Records supplied:

----

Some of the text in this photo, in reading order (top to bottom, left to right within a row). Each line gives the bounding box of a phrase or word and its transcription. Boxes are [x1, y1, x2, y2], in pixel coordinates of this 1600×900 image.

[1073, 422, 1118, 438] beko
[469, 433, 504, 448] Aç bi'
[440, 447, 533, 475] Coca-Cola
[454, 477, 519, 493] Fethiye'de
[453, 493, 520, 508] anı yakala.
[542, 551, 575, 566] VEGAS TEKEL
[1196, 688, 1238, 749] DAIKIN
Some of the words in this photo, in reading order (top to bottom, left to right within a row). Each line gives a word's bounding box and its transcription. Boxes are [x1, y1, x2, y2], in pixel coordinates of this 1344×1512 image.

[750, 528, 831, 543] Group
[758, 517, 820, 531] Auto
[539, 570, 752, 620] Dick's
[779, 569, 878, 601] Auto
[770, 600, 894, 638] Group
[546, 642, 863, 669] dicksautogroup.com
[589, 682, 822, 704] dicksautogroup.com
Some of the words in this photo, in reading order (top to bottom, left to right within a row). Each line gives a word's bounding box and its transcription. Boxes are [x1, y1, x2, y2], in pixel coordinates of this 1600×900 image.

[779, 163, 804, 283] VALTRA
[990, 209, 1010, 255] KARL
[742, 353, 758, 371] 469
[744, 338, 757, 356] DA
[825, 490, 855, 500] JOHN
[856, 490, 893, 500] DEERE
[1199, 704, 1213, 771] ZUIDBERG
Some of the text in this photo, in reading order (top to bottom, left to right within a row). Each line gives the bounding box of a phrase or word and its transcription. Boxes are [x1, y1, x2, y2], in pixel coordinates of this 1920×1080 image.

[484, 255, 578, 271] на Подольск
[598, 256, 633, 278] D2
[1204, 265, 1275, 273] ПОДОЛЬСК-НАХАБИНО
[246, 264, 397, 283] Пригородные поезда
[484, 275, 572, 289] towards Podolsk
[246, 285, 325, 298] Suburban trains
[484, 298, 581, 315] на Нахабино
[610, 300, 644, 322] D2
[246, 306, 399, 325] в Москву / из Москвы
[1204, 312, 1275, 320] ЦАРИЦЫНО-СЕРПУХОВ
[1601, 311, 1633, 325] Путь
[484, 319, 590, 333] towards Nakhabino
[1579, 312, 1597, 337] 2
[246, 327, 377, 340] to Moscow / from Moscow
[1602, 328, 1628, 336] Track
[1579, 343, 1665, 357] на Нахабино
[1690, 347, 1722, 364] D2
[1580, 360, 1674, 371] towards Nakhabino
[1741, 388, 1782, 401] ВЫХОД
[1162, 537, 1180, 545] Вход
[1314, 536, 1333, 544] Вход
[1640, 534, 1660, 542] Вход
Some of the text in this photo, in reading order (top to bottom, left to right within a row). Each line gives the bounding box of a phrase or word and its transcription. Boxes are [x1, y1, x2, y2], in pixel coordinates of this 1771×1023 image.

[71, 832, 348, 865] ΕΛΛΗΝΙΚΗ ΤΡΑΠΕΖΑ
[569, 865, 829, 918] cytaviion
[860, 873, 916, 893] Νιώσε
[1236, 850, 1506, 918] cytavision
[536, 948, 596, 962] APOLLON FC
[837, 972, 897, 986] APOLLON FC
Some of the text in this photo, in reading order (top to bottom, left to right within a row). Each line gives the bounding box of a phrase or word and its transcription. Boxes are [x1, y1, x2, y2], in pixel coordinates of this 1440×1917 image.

----

Activity: Using the data above, restate every record word for word.

Worked solution:
Some of the text in this photo, in reading order (top to bottom, left to right within a row). Each line gives the bounding box of a phrase or word and its transcription. Boxes are [x1, y1, x2, y2], in pixel coordinates of this 1600×900 image.

[1073, 422, 1118, 438] beko
[469, 433, 504, 448] Aç bi'
[440, 447, 533, 475] Coca-Cola
[454, 477, 519, 493] Fethiye'de
[453, 493, 520, 508] anı yakala.
[542, 551, 575, 566] VEGAS TEKEL
[1196, 688, 1238, 749] DAIKIN
Some of the words in this photo, in reading order (top to bottom, left to right within a row). Each line gives a word's bounding box and its transcription. Boxes are [x1, y1, x2, y2], in pixel coordinates of this 1344×1512 image.

[750, 528, 831, 543] Group
[758, 517, 820, 531] Auto
[539, 570, 752, 620] Dick's
[779, 569, 878, 601] Auto
[770, 600, 894, 638] Group
[546, 642, 863, 669] dicksautogroup.com
[589, 682, 822, 704] dicksautogroup.com
Some of the words in this photo, in reading order (top to bottom, left to right within a row). Each line gives a word's bounding box and its transcription. Boxes are [x1, y1, x2, y2], in pixel coordinates of this 1600×900 image.

[779, 163, 804, 283] VALTRA
[990, 209, 1010, 255] KARL
[742, 353, 758, 371] 469
[744, 338, 757, 356] DA
[825, 490, 855, 500] JOHN
[856, 490, 893, 500] DEERE
[1199, 704, 1213, 771] ZUIDBERG
Some of the text in this photo, in reading order (top to bottom, left to right within a row). Each line gives the bounding box of a phrase or word and its transcription. Boxes are [x1, y1, x2, y2], in pixel coordinates of this 1920×1080 image.

[484, 255, 578, 271] на Подольск
[598, 256, 633, 278] D2
[1204, 265, 1275, 273] ПОДОЛЬСК-НАХАБИНО
[246, 264, 397, 283] Пригородные поезда
[484, 275, 572, 289] towards Podolsk
[246, 285, 325, 298] Suburban trains
[484, 298, 581, 315] на Нахабино
[610, 300, 644, 322] D2
[246, 306, 399, 325] в Москву / из Москвы
[1204, 312, 1275, 320] ЦАРИЦЫНО-СЕРПУХОВ
[1601, 311, 1633, 325] Путь
[484, 319, 590, 333] towards Nakhabino
[1579, 312, 1597, 337] 2
[246, 327, 377, 340] to Moscow / from Moscow
[1602, 328, 1628, 336] Track
[1579, 343, 1665, 357] на Нахабино
[1690, 347, 1722, 364] D2
[1580, 360, 1674, 371] towards Nakhabino
[1741, 388, 1782, 401] ВЫХОД
[1162, 537, 1180, 545] Вход
[1314, 536, 1333, 544] Вход
[1640, 534, 1660, 542] Вход
Some of the text in this photo, in reading order (top to bottom, left to right within a row). Each line gives the bounding box of a phrase or word and its transcription. Boxes are [x1, y1, x2, y2], in pixel coordinates of this 1771×1023 image.

[71, 832, 348, 865] ΕΛΛΗΝΙΚΗ ΤΡΑΠΕΖΑ
[569, 865, 829, 918] cytaviion
[860, 873, 916, 893] Νιώσε
[1236, 850, 1506, 918] cytavision
[536, 948, 596, 962] APOLLON FC
[837, 972, 897, 986] APOLLON FC
Some of the text in this photo, in reading order (top to bottom, left to right within a row). Each line gives the bounding box of a phrase or word and its transcription. Boxes are [x1, y1, x2, y2], in pixel coordinates of this 1440×1917 image.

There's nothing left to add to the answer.